2000 STOCK INCENTIVE PLAN
This First Amendment to the Sonus Pharmaceuticals, Inc. 2000 Stack Incentive Plan (the Plan) is made effective as of August 28, 2006.
WHEREAS, The Board of Directors of the Company deems it necessary and in the best interests of the Company and its stockholders that Section 7.1 of the Plan be amended and restated as set forth herein;
NOW THEREFORE BE IT RESOLVED, that the Plan is hereby amended as follows:
1. Section 7.1 of the Plan is hereby amended and restated to read in full as follows:
7.1 ADMINISTRATOR. Authority to control and manage the operation and administration of the Plan shall be vested in the Board, which may delegate such responsibilities in whole or in part to a committee consisting of two (2) or more members of the Board (the Committee).
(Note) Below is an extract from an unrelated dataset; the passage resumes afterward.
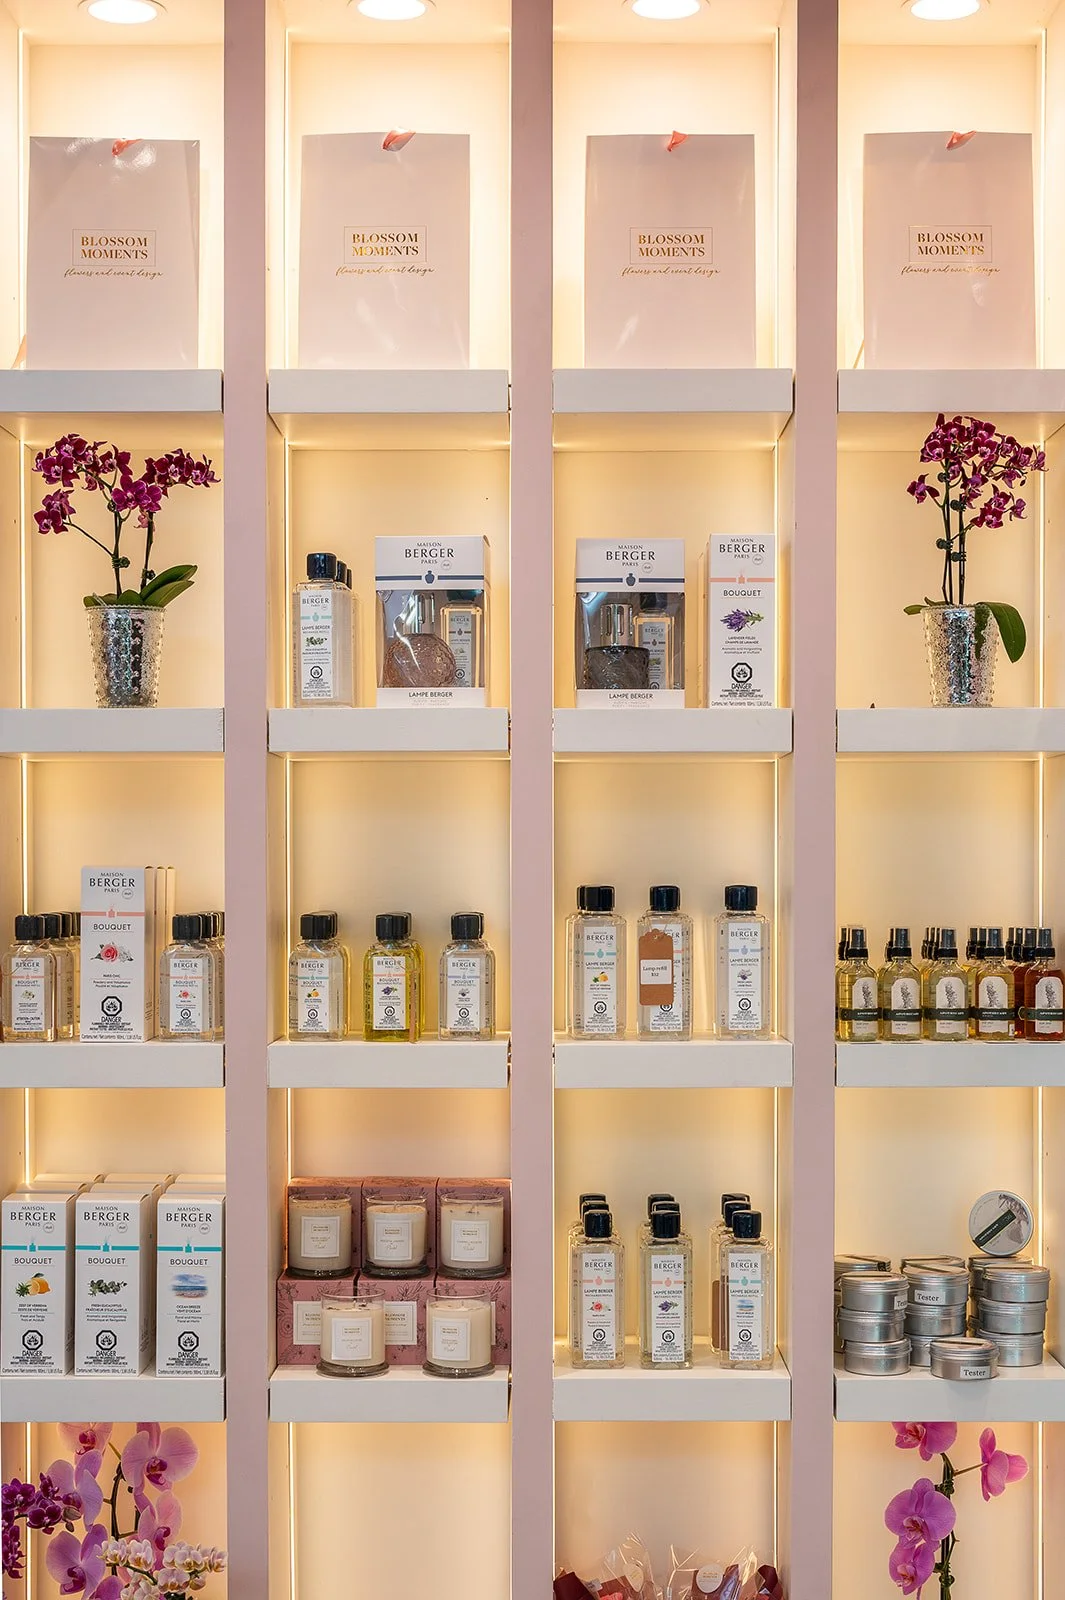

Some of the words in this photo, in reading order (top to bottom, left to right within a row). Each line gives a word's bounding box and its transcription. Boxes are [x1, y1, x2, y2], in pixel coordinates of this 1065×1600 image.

Members of the Committee may be appointed from time to time by, and shall serve at the pleasure of, the Board. The Board (or the Committee, as applicable) may delegate to the Chief Executive Officer of the Company the authority to (i) designate new employees of the Company or an Affiliated Company who are not officers of the Company to be the recipient of Incentive Options, Nonqualified Options or Rights of Purchase, and (ii) determine the number of shares of Common Stock to be subject to such Incentive Options, Nonqualified Options or Rights of Purchase; provided, however, that the Board resolutions regarding such delegation of authority or the employee compensation program approved by the Board or Committee shall specify the maximum number of shares of Common Stock that may be subject to any Incentive Option, Nonqualified Option or Right of Purchase granted by the Chief Executive Officer depending upon the employee group of such new Employee; and provided, further, that the Chief Executive Officer may not grant options to himself, or any other officer of the Company. As used herein, the term Administrator means the Board or, with respect to any matter as to which responsibility has been delegated to the Committee or the Chief Executive Officer, the term Administrator shall mean the Committee or the Chief Executive Officer, as the case may be.
2. Unless otherwise amended as set forth herein, the terms and provisions of the Plan shall remain in full force and effect.
IN WITNESS WHEREOF, the undersigned has executed the First Amendment as of the day and year first above written.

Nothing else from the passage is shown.